Data supplied section start

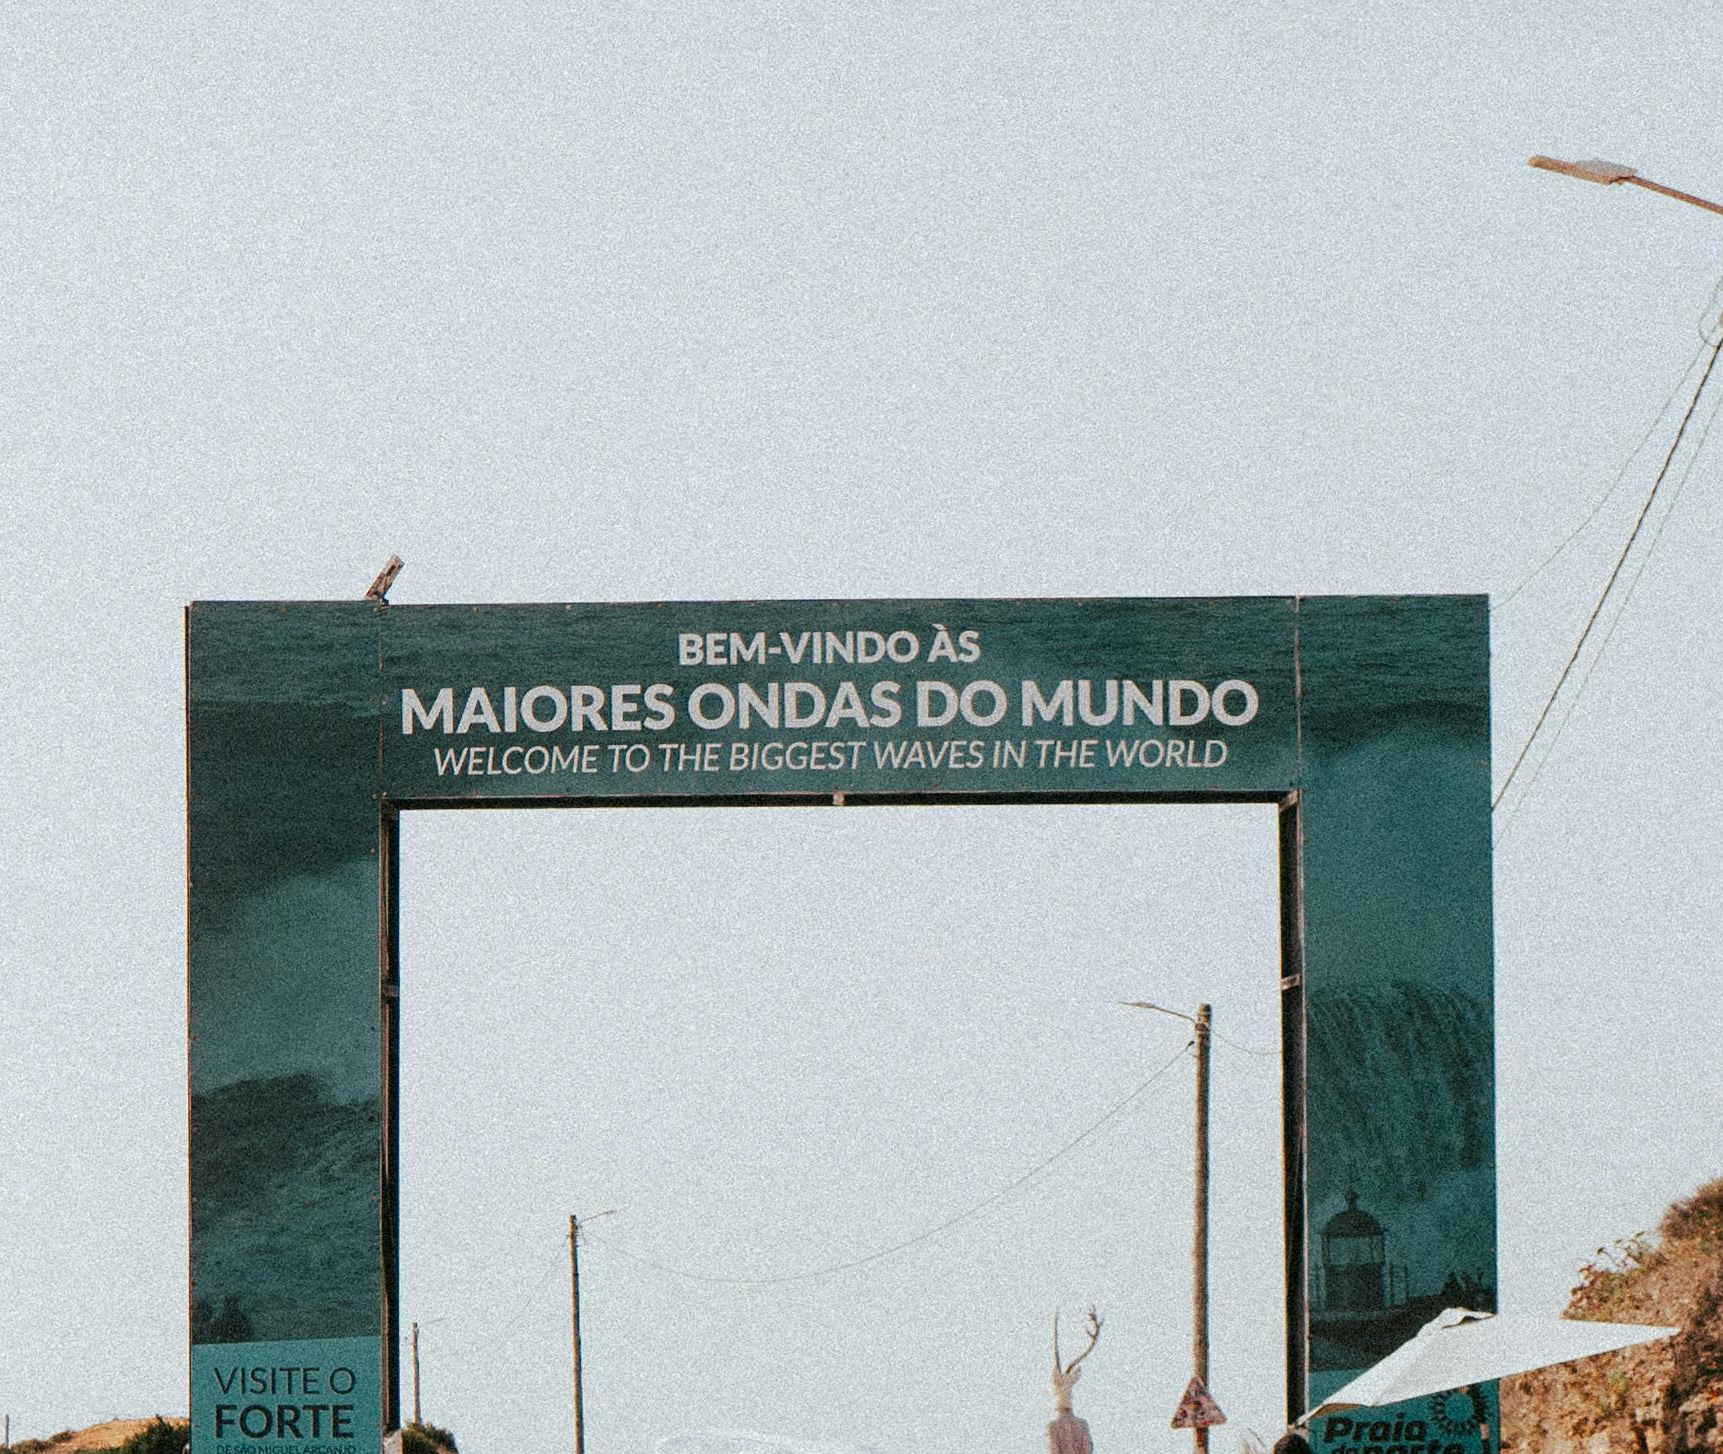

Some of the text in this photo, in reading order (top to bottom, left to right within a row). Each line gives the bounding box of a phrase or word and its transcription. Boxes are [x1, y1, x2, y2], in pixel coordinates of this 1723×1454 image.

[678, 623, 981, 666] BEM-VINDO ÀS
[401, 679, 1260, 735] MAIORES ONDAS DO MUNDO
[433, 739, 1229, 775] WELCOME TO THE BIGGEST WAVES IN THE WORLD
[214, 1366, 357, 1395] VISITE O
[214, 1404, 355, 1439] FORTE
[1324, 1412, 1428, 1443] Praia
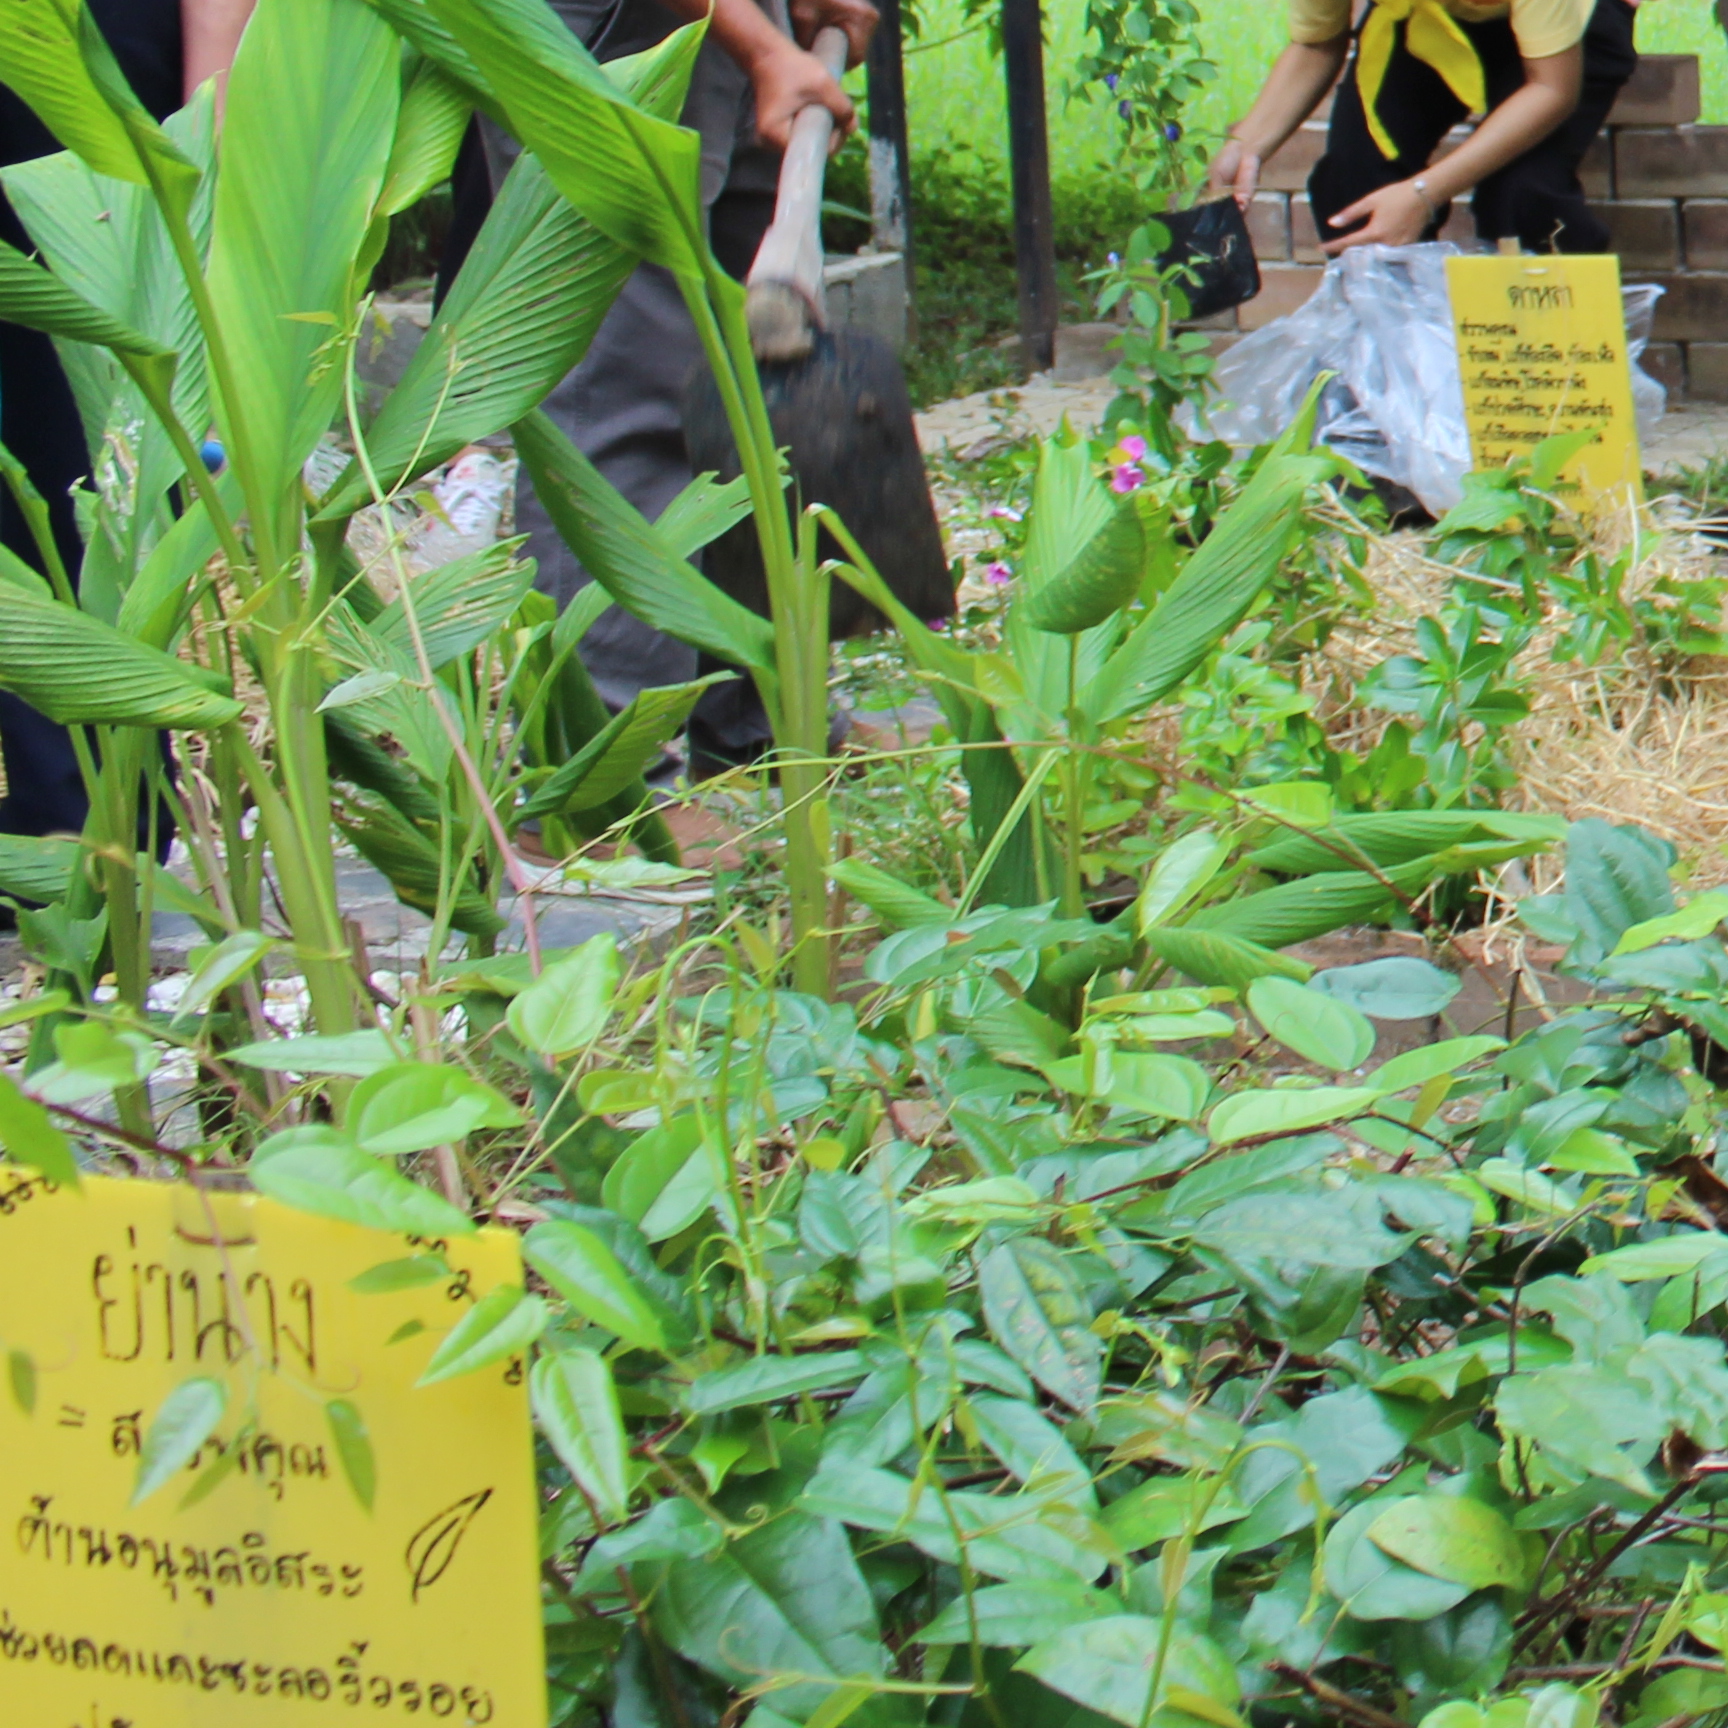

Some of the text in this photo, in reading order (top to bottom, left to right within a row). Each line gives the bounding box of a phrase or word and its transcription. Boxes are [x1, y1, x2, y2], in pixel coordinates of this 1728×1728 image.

Data supplied section end

§ Brief:
None of the images should be copied, but every entry must be given again exactly.

§ Answer box:
Some of the text in this photo, in reading order (top to bottom, left to right within a row). Each line gives the bounding box of a phrase or word and its transcription. Boxes are [x1, y1, x2, y2], in pixel coordinates of this 1723×1454 image.

[678, 623, 981, 666] BEM-VINDO ÀS
[401, 679, 1260, 735] MAIORES ONDAS DO MUNDO
[433, 739, 1229, 775] WELCOME TO THE BIGGEST WAVES IN THE WORLD
[214, 1366, 357, 1395] VISITE O
[214, 1404, 355, 1439] FORTE
[1324, 1412, 1428, 1443] Praia

Some of the text in this photo, in reading order (top to bottom, left to right within a row). Each line gives the bounding box of a phrase or word and its transcription. Boxes are [x1, y1, x2, y2], in pixel coordinates of this 1728×1728 image.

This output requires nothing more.